_TASK GOAL_
Exact copy, pictures excluded: set down only the lines from the one with "this 1500×1500 image." through the end of the entries, keeping both end lines.

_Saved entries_
=-=-=-=-=
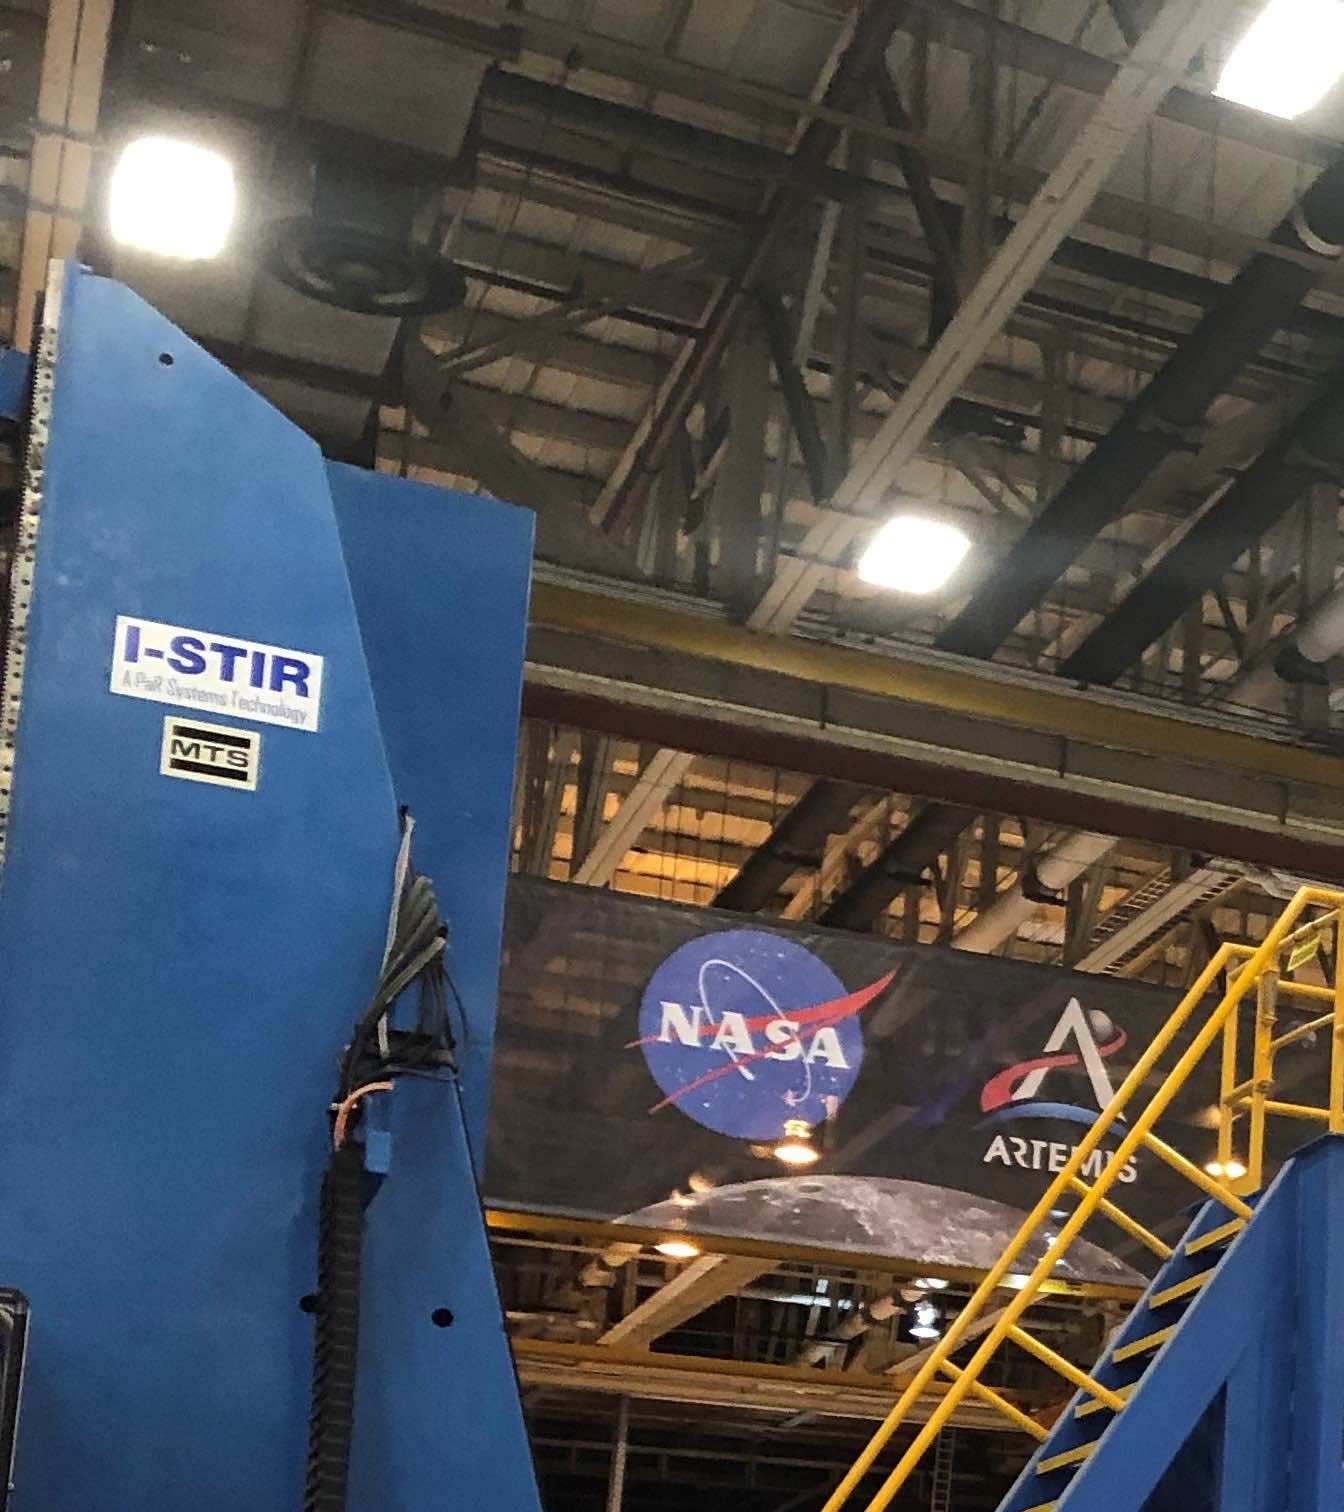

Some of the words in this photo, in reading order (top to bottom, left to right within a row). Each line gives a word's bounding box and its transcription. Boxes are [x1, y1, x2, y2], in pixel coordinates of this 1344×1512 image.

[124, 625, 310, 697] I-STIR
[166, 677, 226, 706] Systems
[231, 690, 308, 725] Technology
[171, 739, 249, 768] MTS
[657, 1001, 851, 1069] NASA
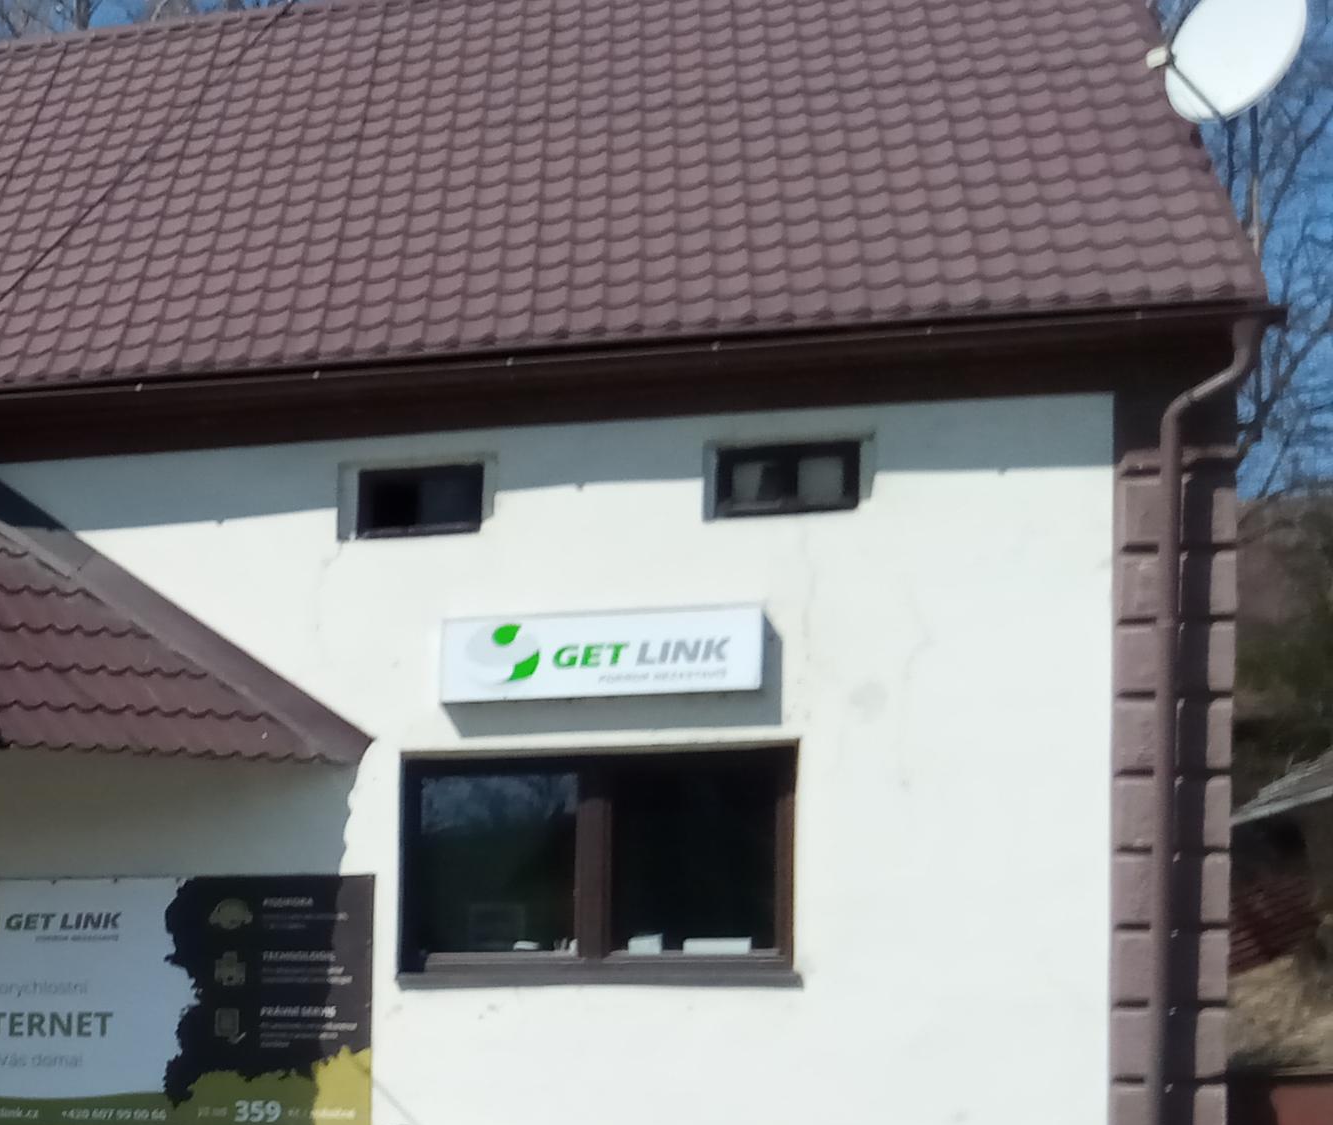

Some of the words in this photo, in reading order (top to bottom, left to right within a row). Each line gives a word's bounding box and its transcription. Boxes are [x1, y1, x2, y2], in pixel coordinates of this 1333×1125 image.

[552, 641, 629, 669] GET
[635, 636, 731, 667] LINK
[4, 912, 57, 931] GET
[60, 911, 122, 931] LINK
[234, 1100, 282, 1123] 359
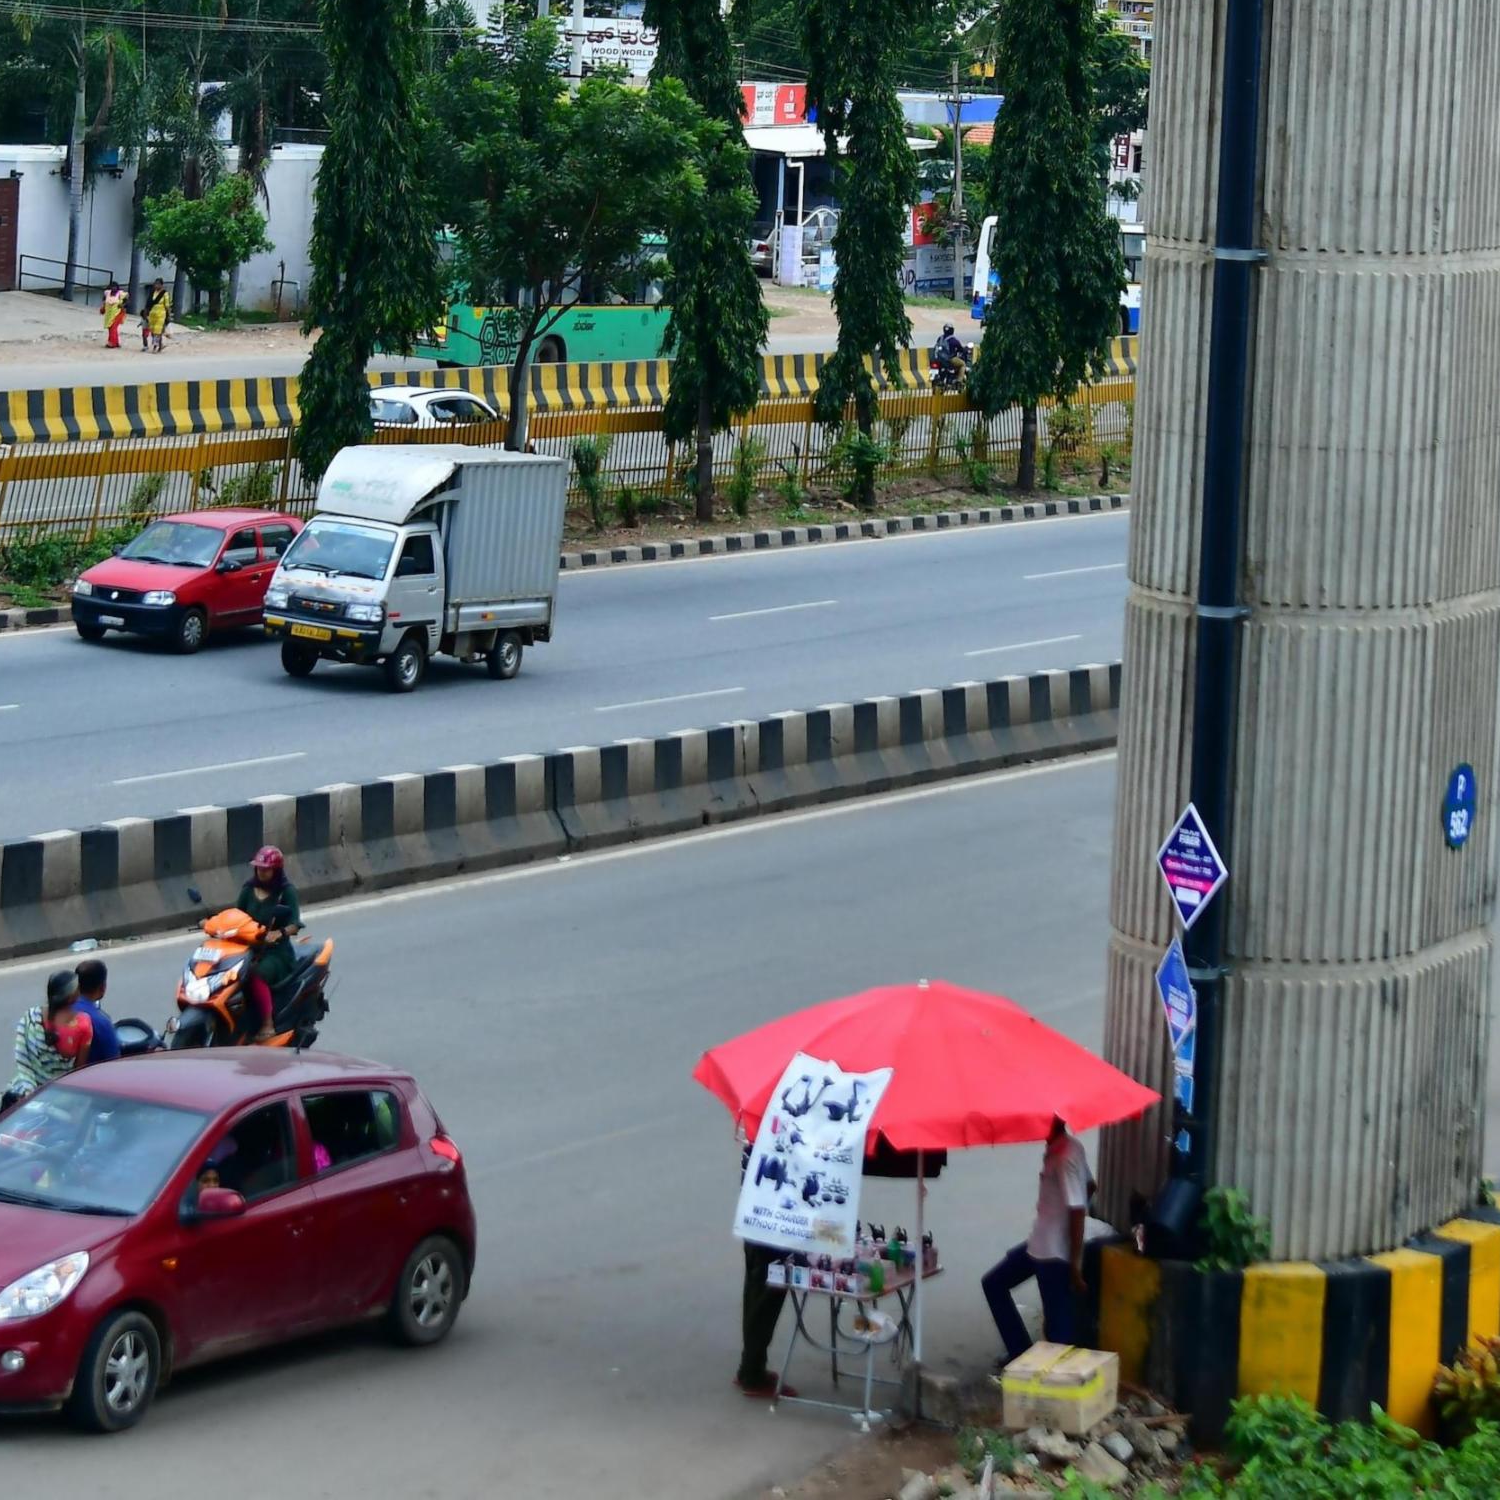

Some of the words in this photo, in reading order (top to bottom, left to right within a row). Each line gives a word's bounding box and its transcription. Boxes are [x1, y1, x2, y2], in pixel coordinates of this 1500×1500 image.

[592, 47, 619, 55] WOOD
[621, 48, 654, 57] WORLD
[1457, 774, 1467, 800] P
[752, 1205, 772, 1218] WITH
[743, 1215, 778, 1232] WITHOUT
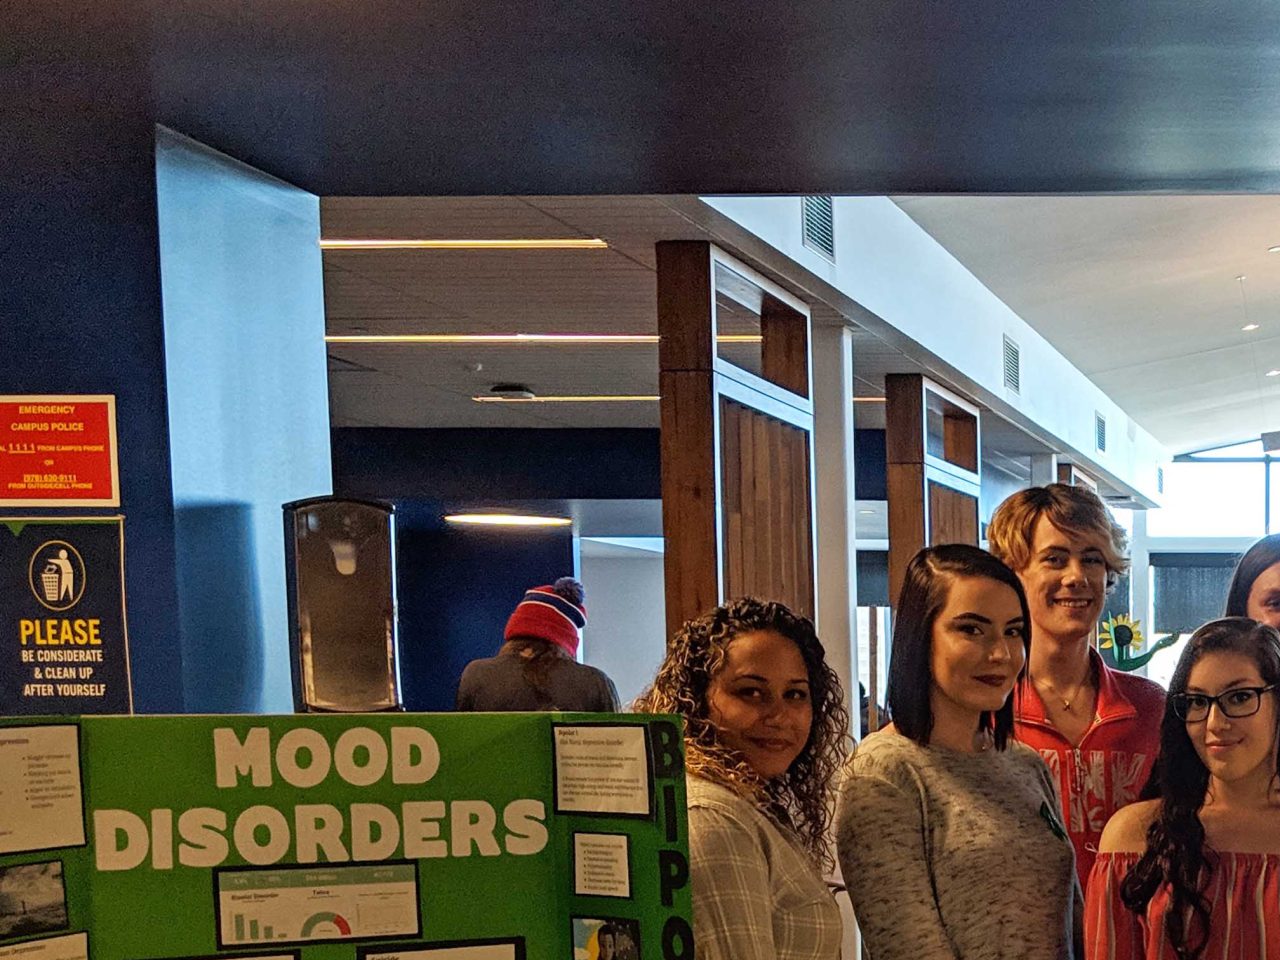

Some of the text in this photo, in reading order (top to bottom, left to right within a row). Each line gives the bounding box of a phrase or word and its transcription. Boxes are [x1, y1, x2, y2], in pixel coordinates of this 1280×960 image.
=-=-=-=-=
_FINISHED EXERCISE_
Some of the words in this photo, in reading order (top to bottom, left to right within a row). Each line gives a word's bounding box and its transcription. Boxes are [x1, y1, x2, y2], in pixel coordinates of this 1500×1500 image.

[592, 47, 619, 55] WOOD
[621, 48, 654, 57] WORLD
[1457, 774, 1467, 800] P
[752, 1205, 772, 1218] WITH
[743, 1215, 778, 1232] WITHOUT

Some of the text in this photo, in reading order (top to bottom, left to right within a row). Each line gives the bounding box of a phrase or word and its transcription. Boxes are [x1, y1, x2, y2], in pixel coordinates of this 1280×960 image.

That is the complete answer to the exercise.